Berikut ini informasi seputar Kereta Api Cepat Jakarta-Bandung:

1. Tahap pembangunan
Hingga Oktober 2019, kereta cepat Jakarta-Bandung sudah terbangun sekitar labih dari 35 persen. Pada akhir 2019, tahap konstruksi proyek ini ditargetkan mencapai 49-50 persen. Struktur layang mendominasi hampir 60 persen jalur kereta cepat sepanjang 142,3km ini.

Rencananya, kereta cepat Jakarta-Bandung akan menghubungkan empat stasiun yaitu, Halim, Karawang, Walini dan Tegalluar (dekat Gedebage) 140,9 kilometer (km). Pada setiap stasiun yang dilewati kereta cepat akan dibangun Transit Oriented Development (TOD) untuk mendorong lahirnya sentra ekonomi baru di koridor Jakarta-Bandung. Pada titik Walini, misalnya akan dibangun Kota Baru Walini dan di Tegalluar juga dibangun kawasan industri kreatif berbasis IT.

2. Tipe kereta api
Kereta api cepat yang akan digunakan merupakan hasil pengembangan tipe CRH380A oleh perusahaan China, CRRC Qingdao Sidang. Berbekal teknologi terbaru tersebut, harga tiket kereta cepat Jakarta-Bandung

3. Terintegrasi dengan LRT di Jakarta
PT Kereta Cepat Indonesia-China (KCIC) mempersiapkan proyek Kereta Cepat Jakarta-Bandung (KCJB) agar dapat terintegrasi dengan moda transportasi publik lainnya seperti Light Rail Transit atau Lintas Rel Terpadu (LRT) Jabodebek.
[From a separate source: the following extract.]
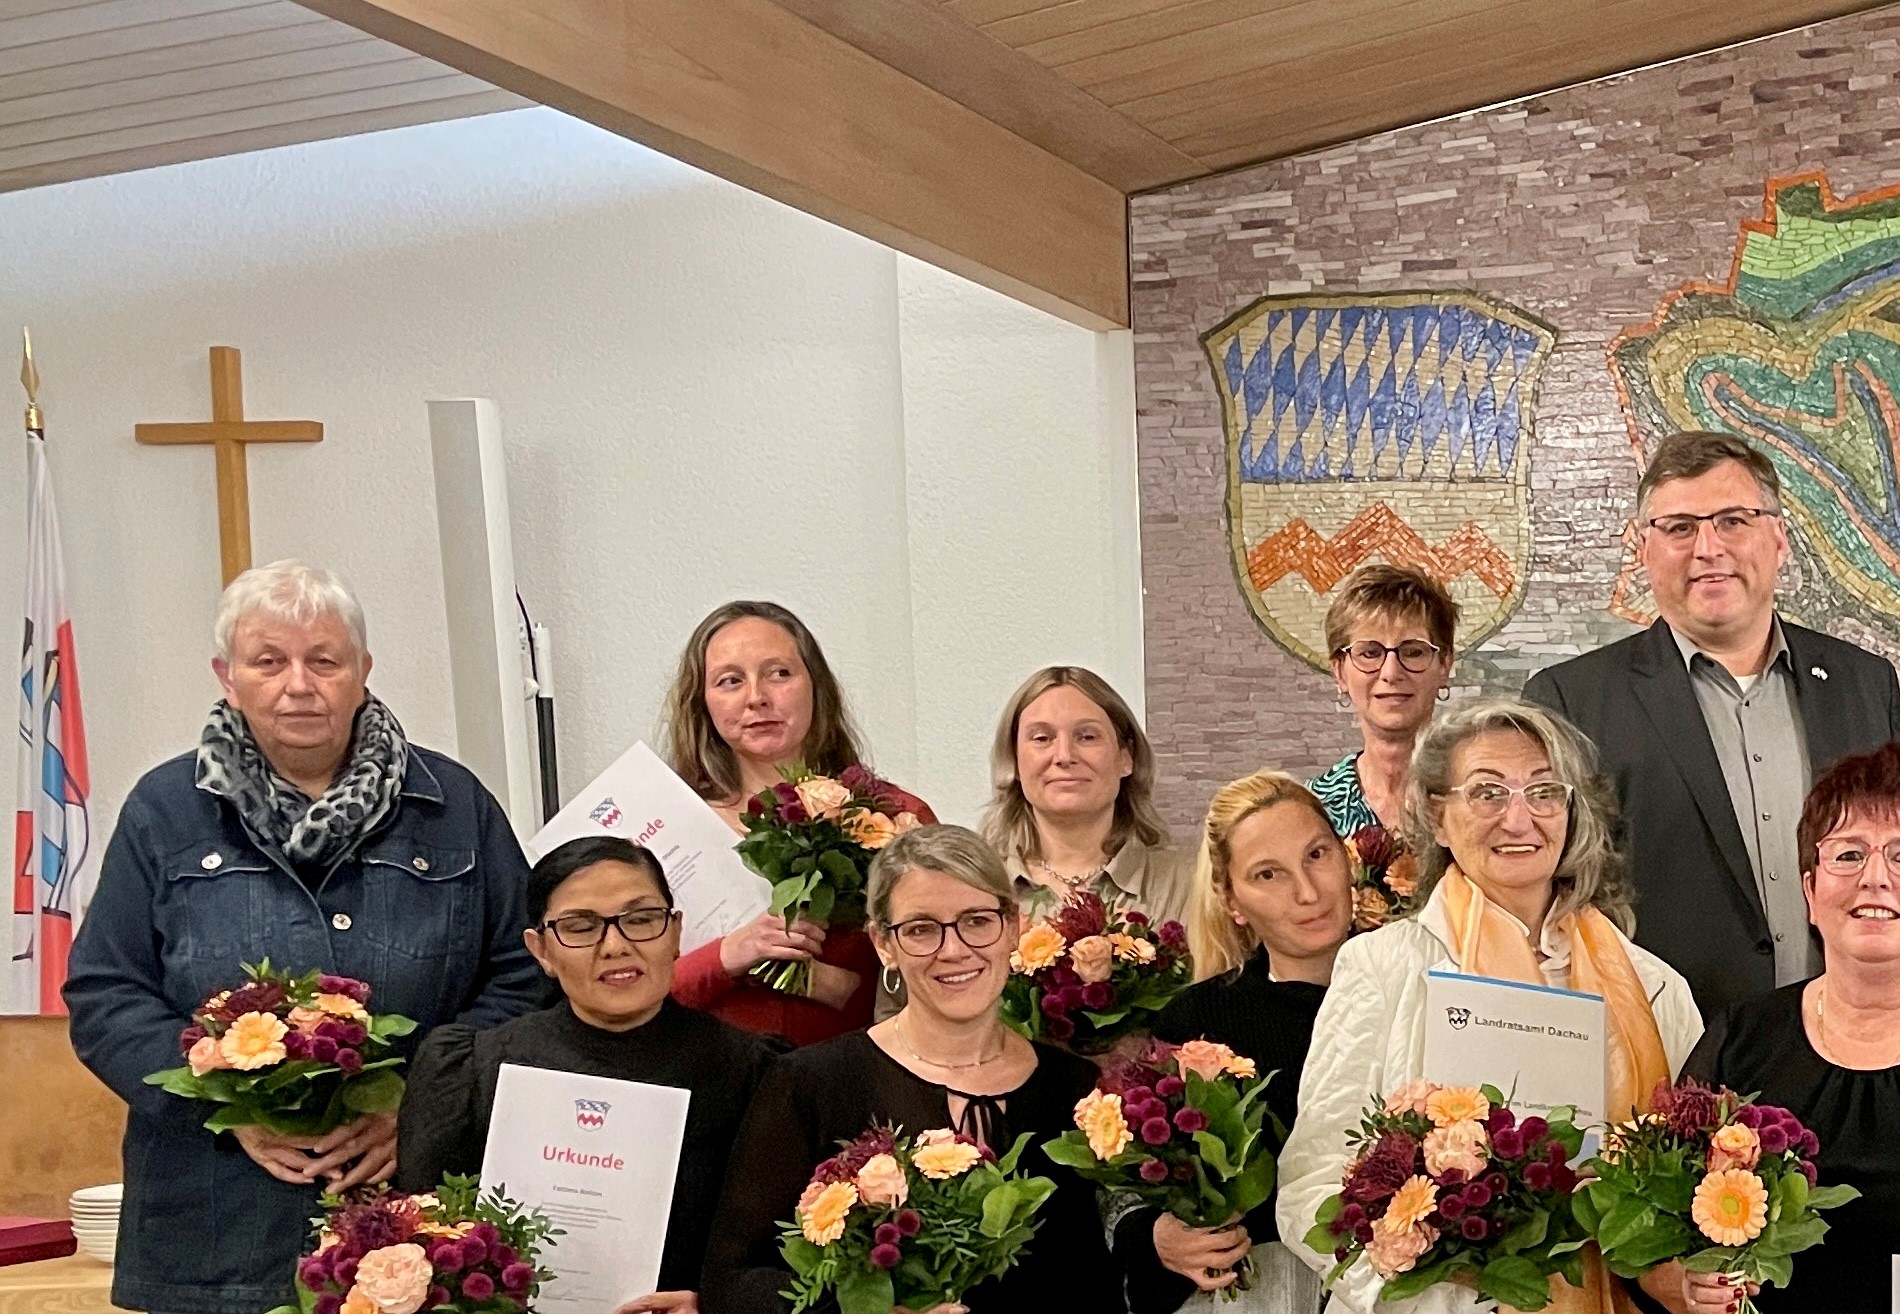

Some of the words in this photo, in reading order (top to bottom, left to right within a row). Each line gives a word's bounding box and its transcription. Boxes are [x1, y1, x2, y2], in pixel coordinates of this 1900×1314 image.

Kereta Cepat Jakarta-Bandung diklaim sangat siap berdampingan dengan moda tranportasi massal lainnya di setiap titik pemberhentian yang terdiri dari 4 stasiun, yakni Halim, Karawang, Walini, dan Tegalluar. Nantinya, ia memproyeksikan, titik ujung kereta cepat yang ada di Stasiun Halim dapat terhubung dengan LRT Jabodebek dan Bus Rapid Transit (BRT) atau TransJakarta.

4. Terintegrasi dengan LRT di Bandung Raya, KRD, dan BRT
Selain di Jakarta, kereta api cepat ini akan tersambung dengan LRT Bandung Raya yang saat ini sedang dalam tahap pembangunan.  juga akan terintegrasi dengan Kereta Rel Diesel (KRD) yang akan menghubungkan stasiun kereta cepat dengan stasiun kereta api eksisting di kawasan Cimekar, Bandung. Termasuk dengan Bus Rapid Transit (BRT) yang akan dibangun di Karawang dan Walini

5. Kapasitas angkut penumpang dan waktu tempuh
Kapasitas angkut kereta cepat pertama di Indonesia ini adalah sekitar 109 ribu penumpang per hari, dan dapat memangkas waktu tempuh dari Jakarta ke Bandung maupun sebaliknya hingga 36 menit (untuk perjalanan langsung) dan 46 menit (untuk perjalanan tak langsung).

6. Kelas penumpang dan harga tiket
PT Kereta Cepat Indonesia Cina (KCIC) menuturkan bakal terdapat tiga kelas penumpang dalam Kereta Cepat Jakarta-Bandung. KCIC membagi tiga kelas itu menjadi kelas penumpang VIP, kelas 1, dan kelas 2. Harga tiket untuk kelas 2 yang merupakan kelas termurah rencananya dipatok sebesar Rp 300 ribu per penumpang.

Namun untuk kelas VIP dan kelas 1 masih belum ditentukan oleh KCIC. Jumlah kursi yang bakal disediakan untuk dua kelas teratas itu juga tidak akan banyak sehingga kelas 2 akan mendominasi dalam satu rangkaian kereta cepat.